What we do know is that we have witnessed a reduction in risk free rates in the UK, with the 10-year gilt dropping to less than 0.3% and a 5-year swap closing in on just 0.5%. A year ago these were both around 1%.

Ordinarily such a reduction would be deemed supportive of real estate yields, but with many question marks now hanging over real estate income streams (as we explore below), the equation looks less clear. That said, parts of the market are likely to retain their safe haven status (trophy London assets, for example) and the UK is expected to remain an attractive destination for foreign capital.

Restrictions on movement may also have consequences for the real estate investment market – and therefore asset pricing. Due diligence is likely to be very difficult to complete – physical viewings may become impossible for a period of time – and therefore transactions may not proceed. For potential buyers who can afford to wait, this won’t be a problem, but for motivated vendors it could become a real issue; either they can’t sell or they have to accept a lower price to compensate buyers for the additional risk they take on.



... but watch for a credit squeeze

If we learnt anything from the GFC it should be that access to capital, or the lack of it, can have dire consequences for real estate. A credit squeeze could once again have profound negative implications for the operation of real estate markets, and the pricing of assets. Although such an event could prove terminal for those who need the capital most, the drop in prices as a result of a restriction of capital would hit the balance sheet of almost every asset owner.

In recent days we have seen reports of Blackstone and Carlyle portfolio companies drawing down on available credit lines. We hope that such actions are not a precursor to more serious issues ahead, but we must be aware of them nonetheless.

Rent interruption is the key risk

We have already heard anecdotes of tenants asking for rent holidays, but it should be stressed that these are isolated cases. However, we would expect this to increase, especially if the cash flows of the tenant base are interrupted. We provide more insights on where we see the risks at present below.

The next quarterly rent day is Lady Day on 25th March. This commemorates the visit of the archangel Gabriel to the Virgin Mary and perhaps landlords will be hoping for a guardian angel this coming Lady Day too. With events moving at such a fast pace, it is probably now prudent to assume disruption and rent arrears post the rent day. How widespread these are, and what action is taken or proposed, remains unknown at present.

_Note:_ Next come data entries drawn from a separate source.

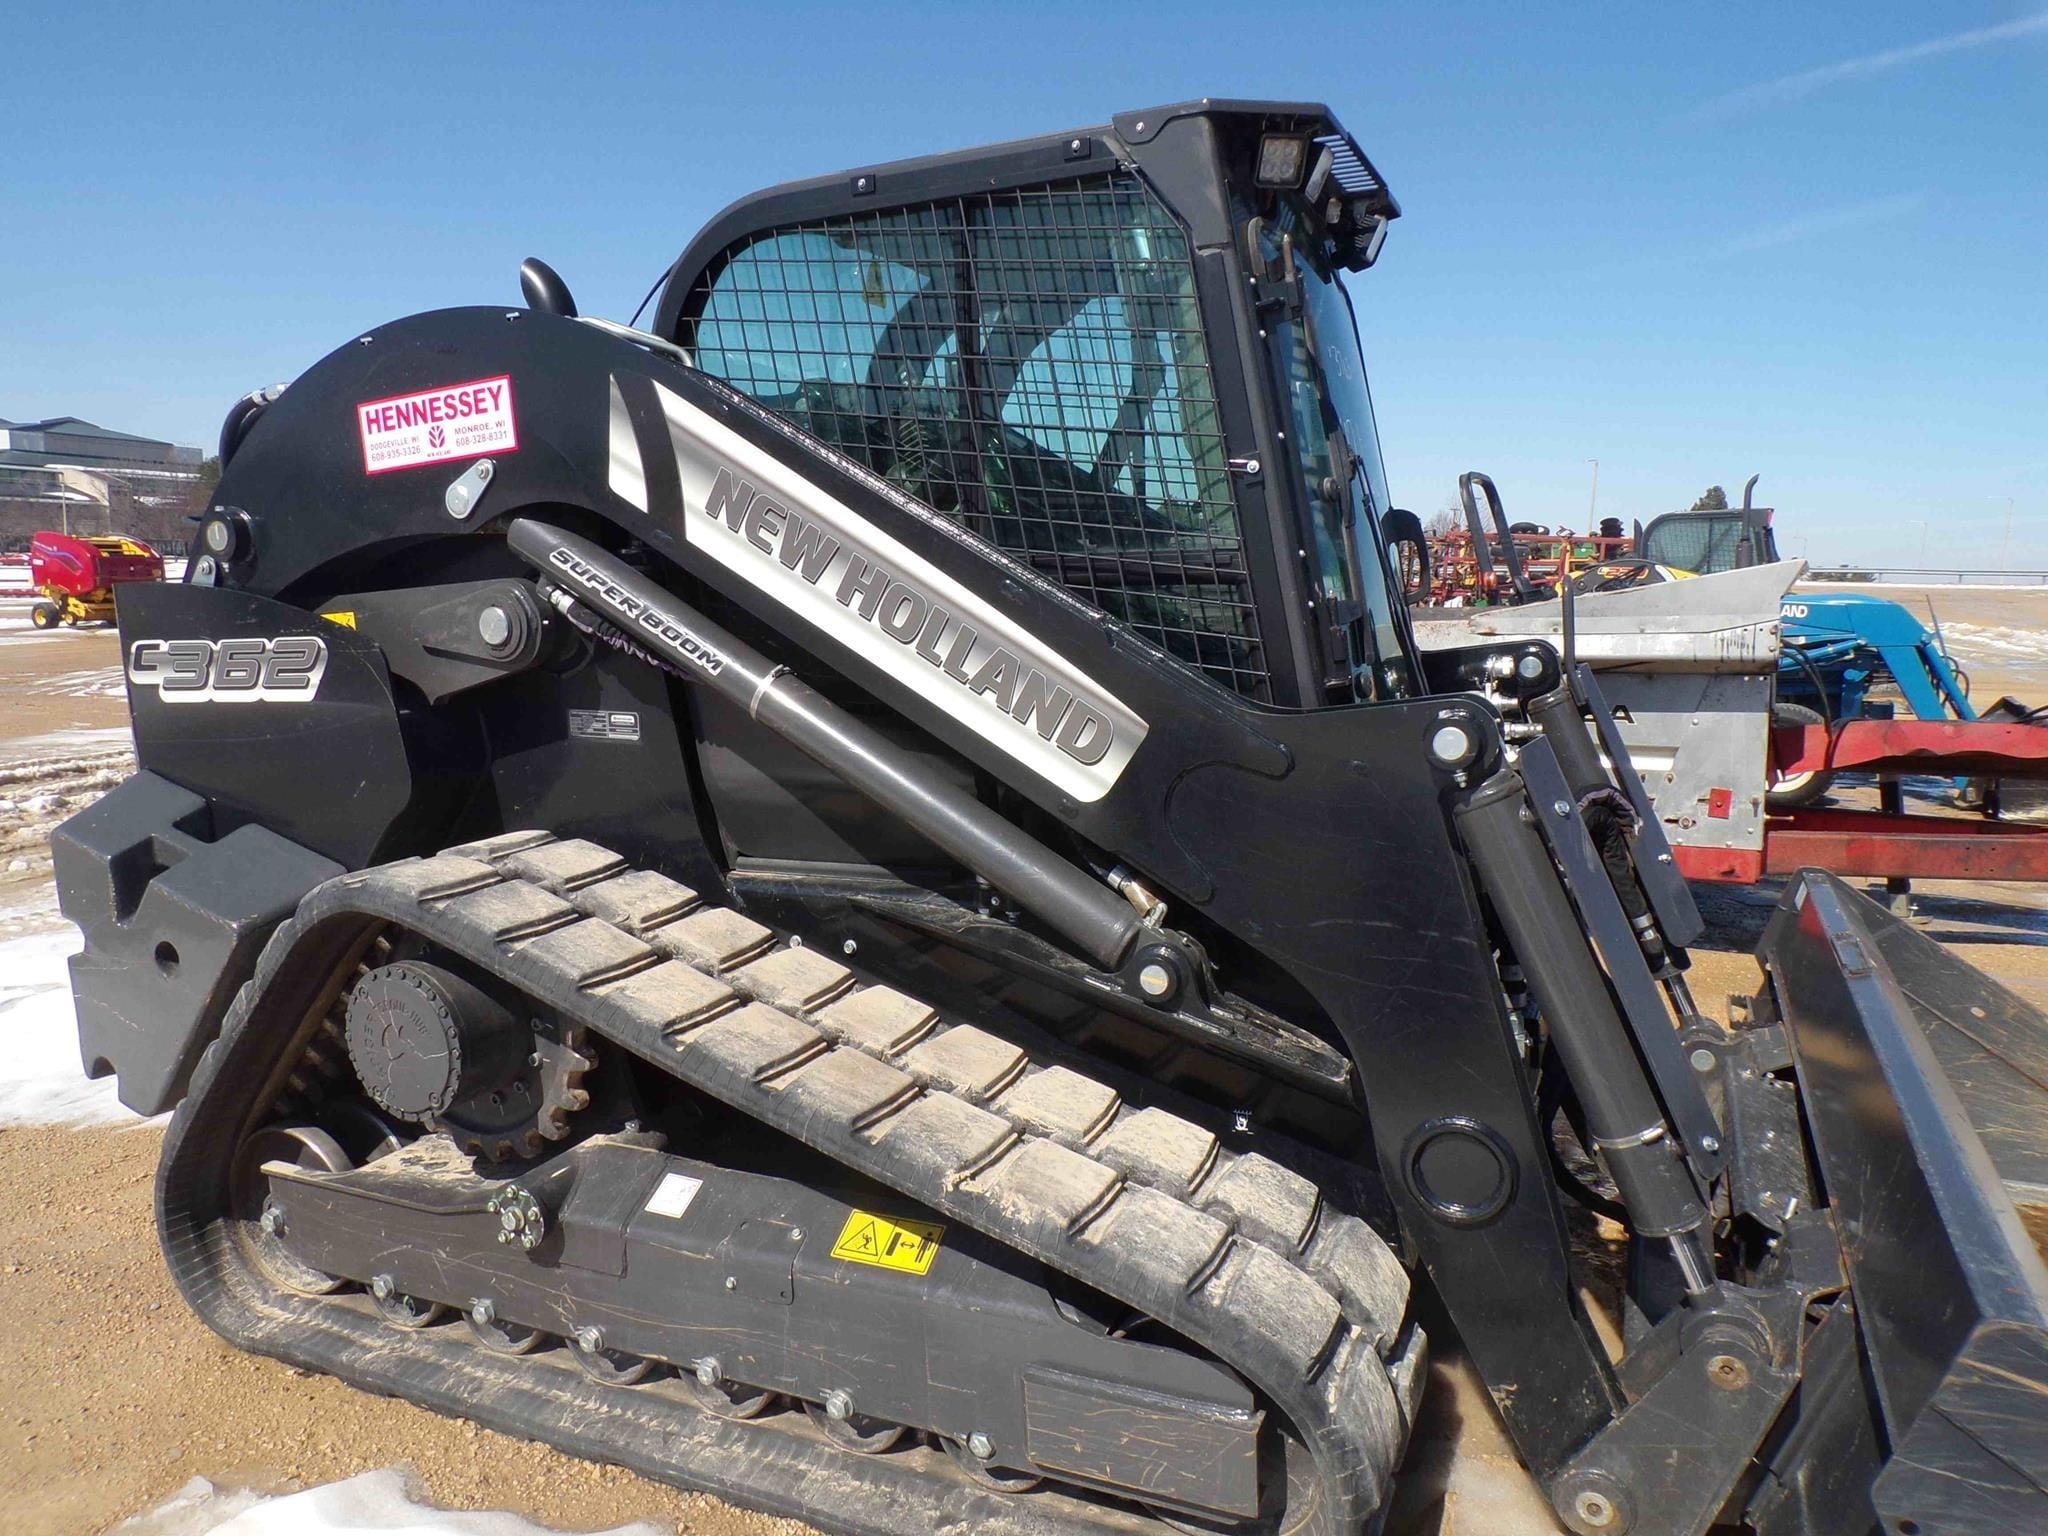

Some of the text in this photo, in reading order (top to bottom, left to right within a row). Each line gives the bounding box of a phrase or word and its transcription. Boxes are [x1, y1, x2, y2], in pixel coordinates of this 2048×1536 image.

[366, 385, 502, 435] HENNESSEY
[550, 548, 726, 676] SUPER BOOM
[704, 466, 1114, 766] NEW HOLLAND
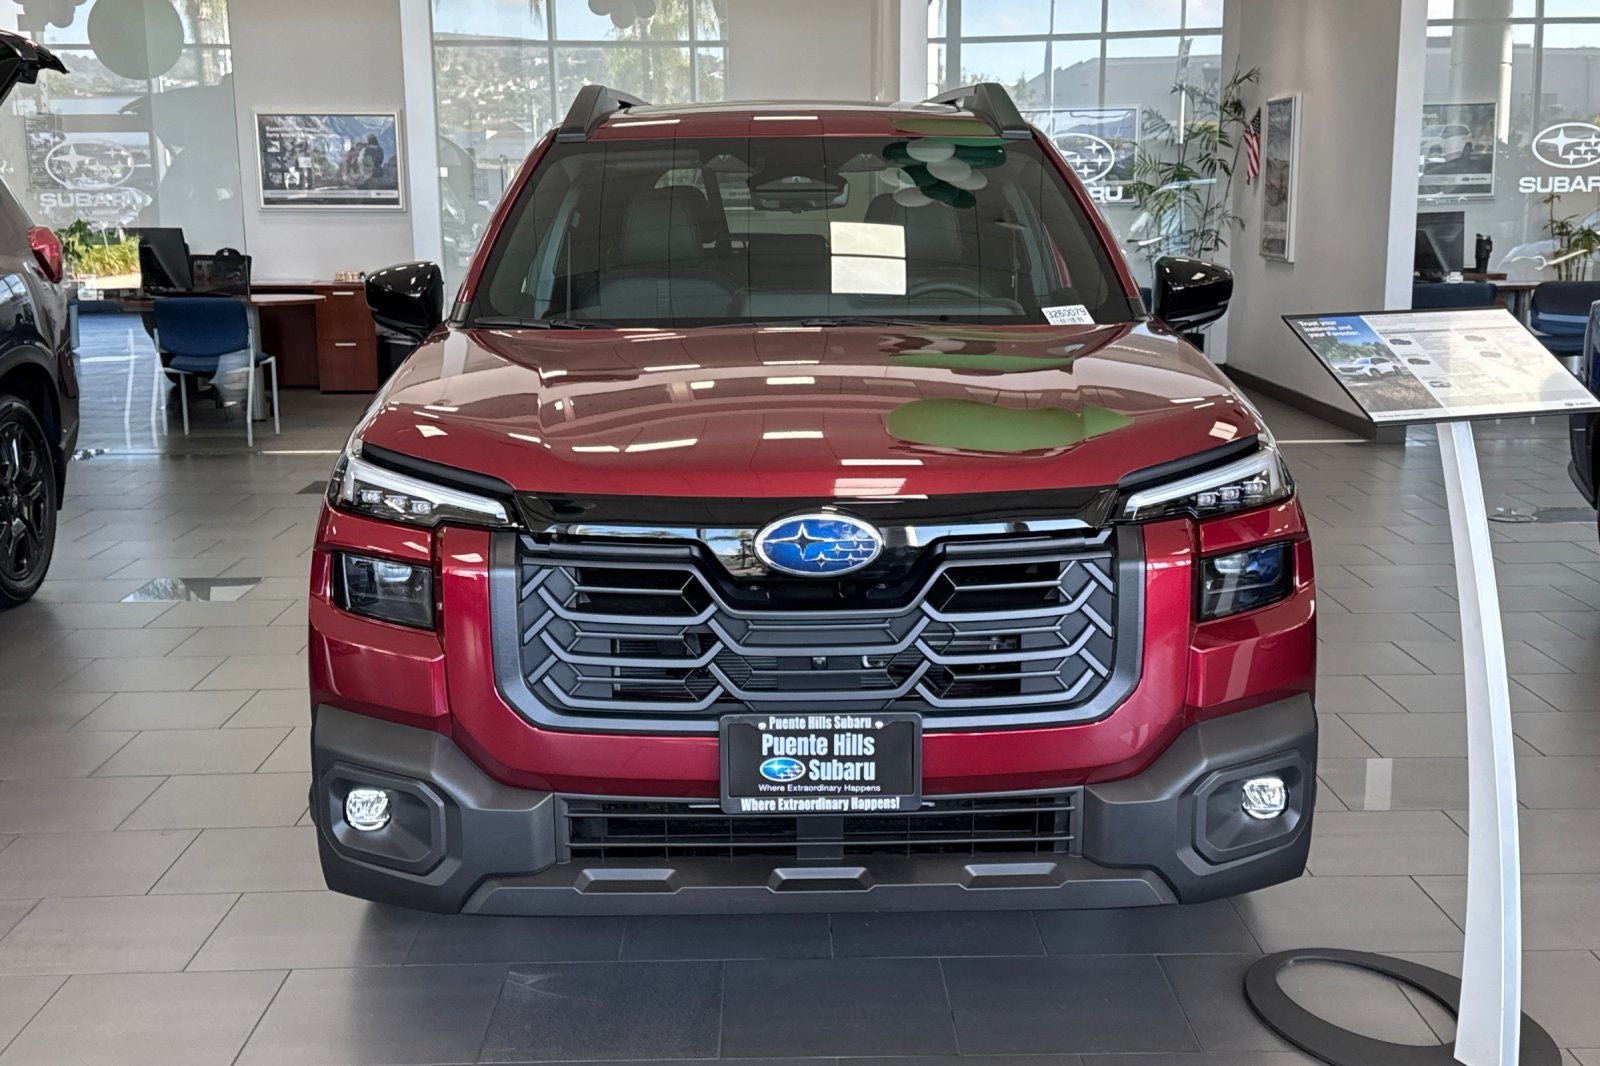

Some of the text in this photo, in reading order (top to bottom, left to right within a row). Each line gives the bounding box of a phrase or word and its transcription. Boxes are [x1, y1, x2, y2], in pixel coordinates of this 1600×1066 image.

[1518, 175, 1600, 193] SUBAR
[40, 192, 142, 208] SUBAR
[768, 715, 872, 730] Puente Hills Subaru
[762, 732, 875, 756] Puente Hills
[808, 759, 876, 781] Subaru
[758, 784, 881, 793] Where Extraordinary Happens
[740, 796, 901, 812] Where Extraordinary Happens!
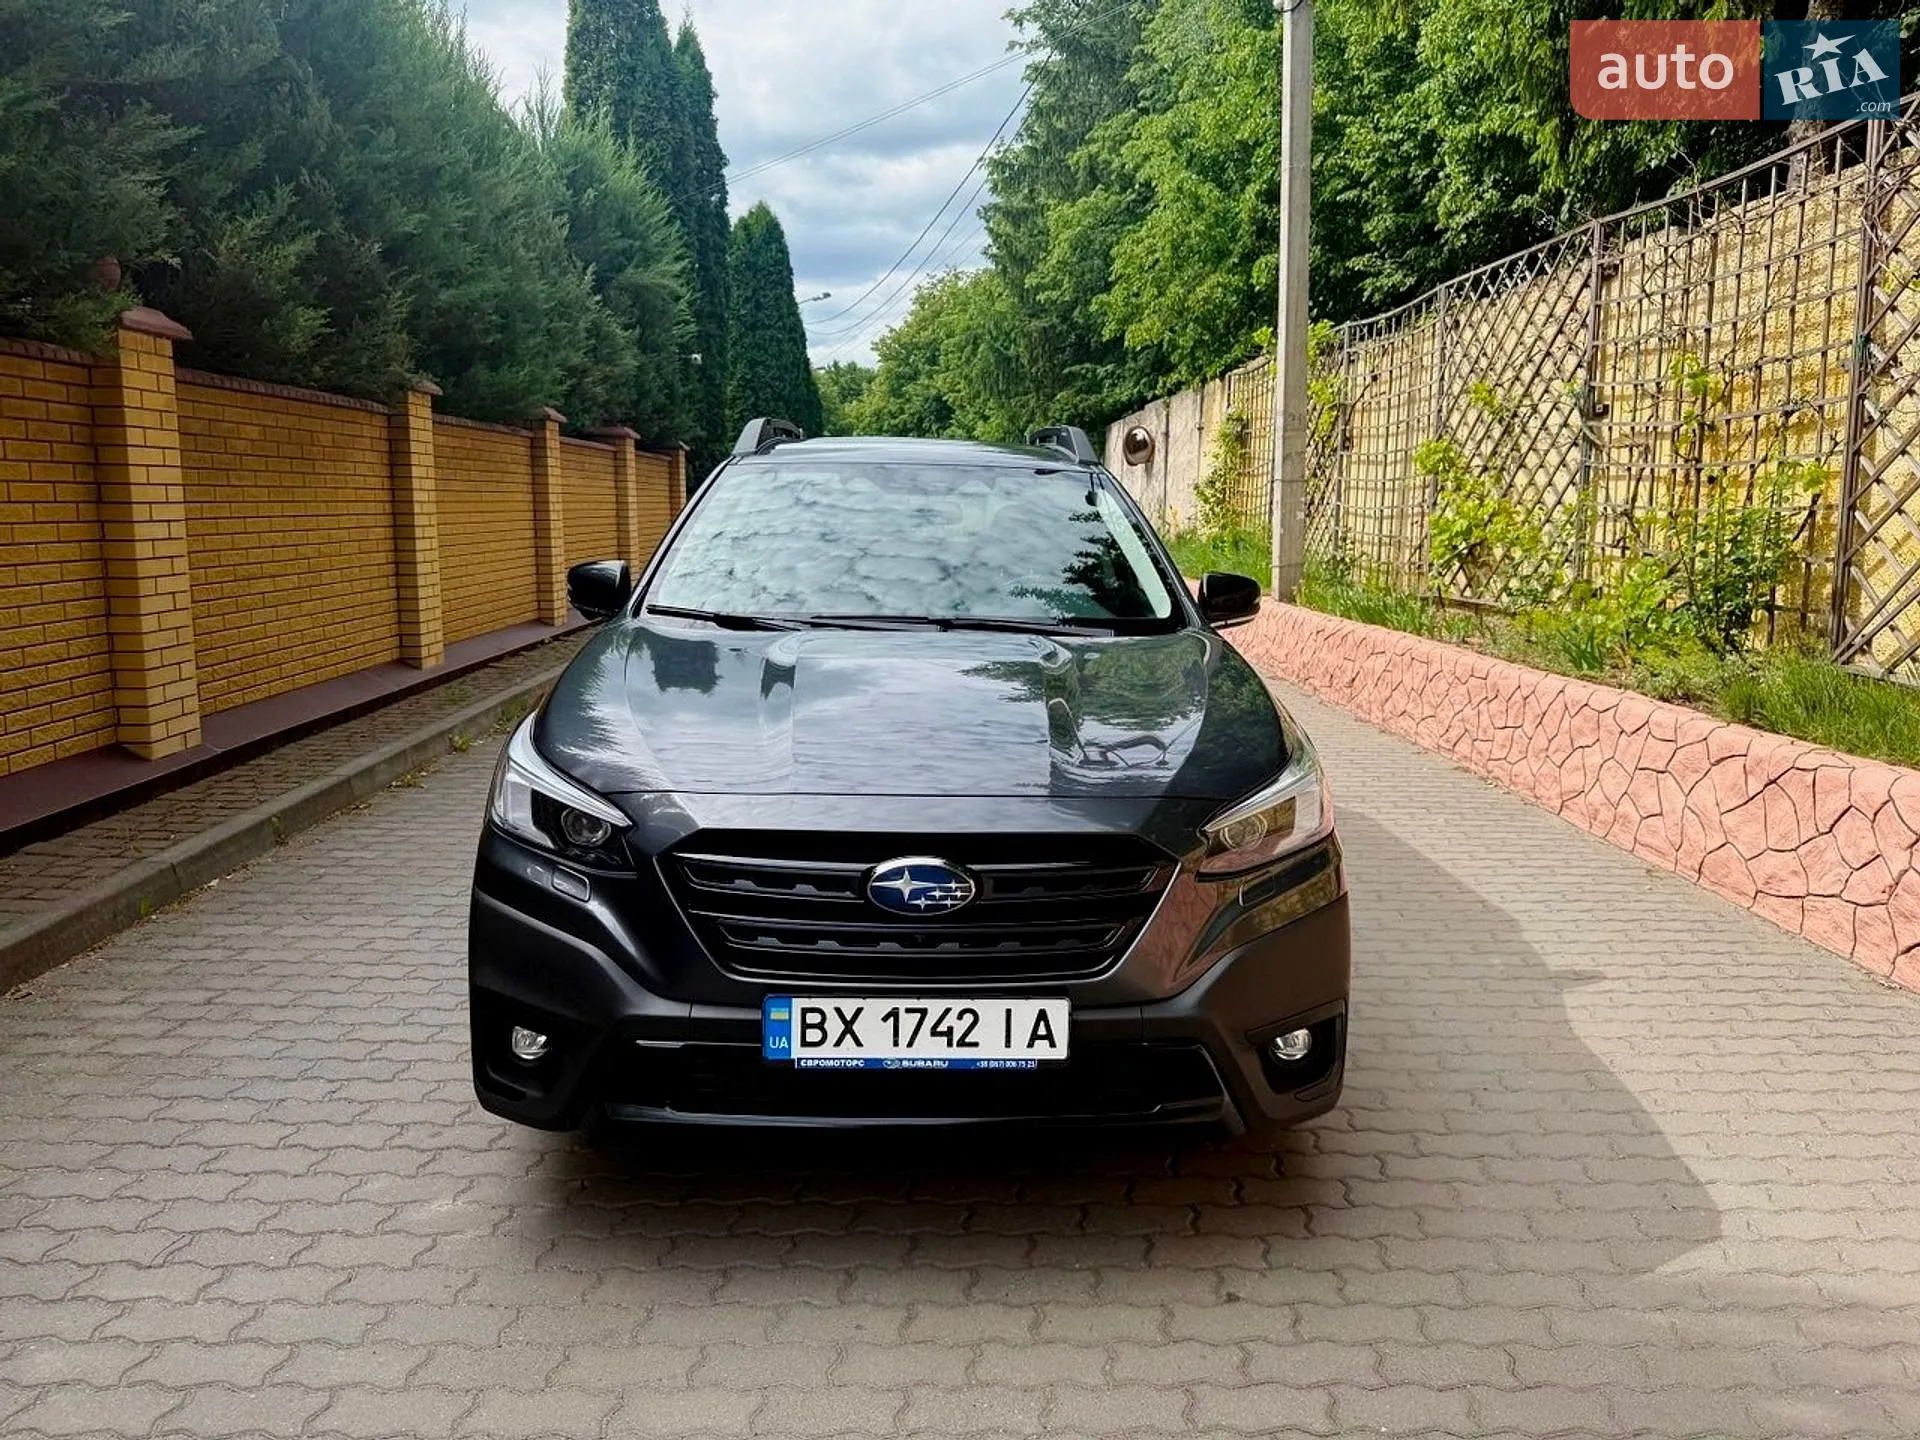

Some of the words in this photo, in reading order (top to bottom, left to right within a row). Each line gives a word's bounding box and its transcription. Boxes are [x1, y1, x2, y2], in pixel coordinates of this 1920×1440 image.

[800, 1007, 864, 1048] BX
[881, 1007, 980, 1048] 1742
[1004, 1008, 1057, 1048] IA
[770, 1037, 789, 1049] UA
[901, 1060, 948, 1068] SUBARU

Much will also depend on what government action is taken (forcing the closure of shopping centres, for example?) and what compensation it offers. It may also depend on the level of insurance cover taken by both tenants and landlords, and of course the stance taken by insurers in dealing with claims.

However you look at it, the risks to cash flows – however secure they seem –have risen over the past few weeks.

We are not contract lawyers!

One thing to note here is that we are not contract lawyers, and we aren’t privy to the tens of thousands of lease contracts that our coverage universe have entered into. So we don’t know under what circumstances – if any – lease obligations can be annulled, but we wouldn’t be surprised to see more attention paid to this area over the coming weeks as the financial impacts of any restrictions become clearer.

We have recently seen the concept of ‘frustration’ tested by the European Medicines Agency (EMA) with regard to their lease on an office in Canary Wharf, arguing that Brexit was an unforeseen event that made its lease obligations impossible to honour. Although the EMA ultimately lost its case in the high court (and sublet its space to WeWork), it is not inconceivable that such an approach will be taken with regard to Covid-19. Force majeure clauses may also be something that we hear more about.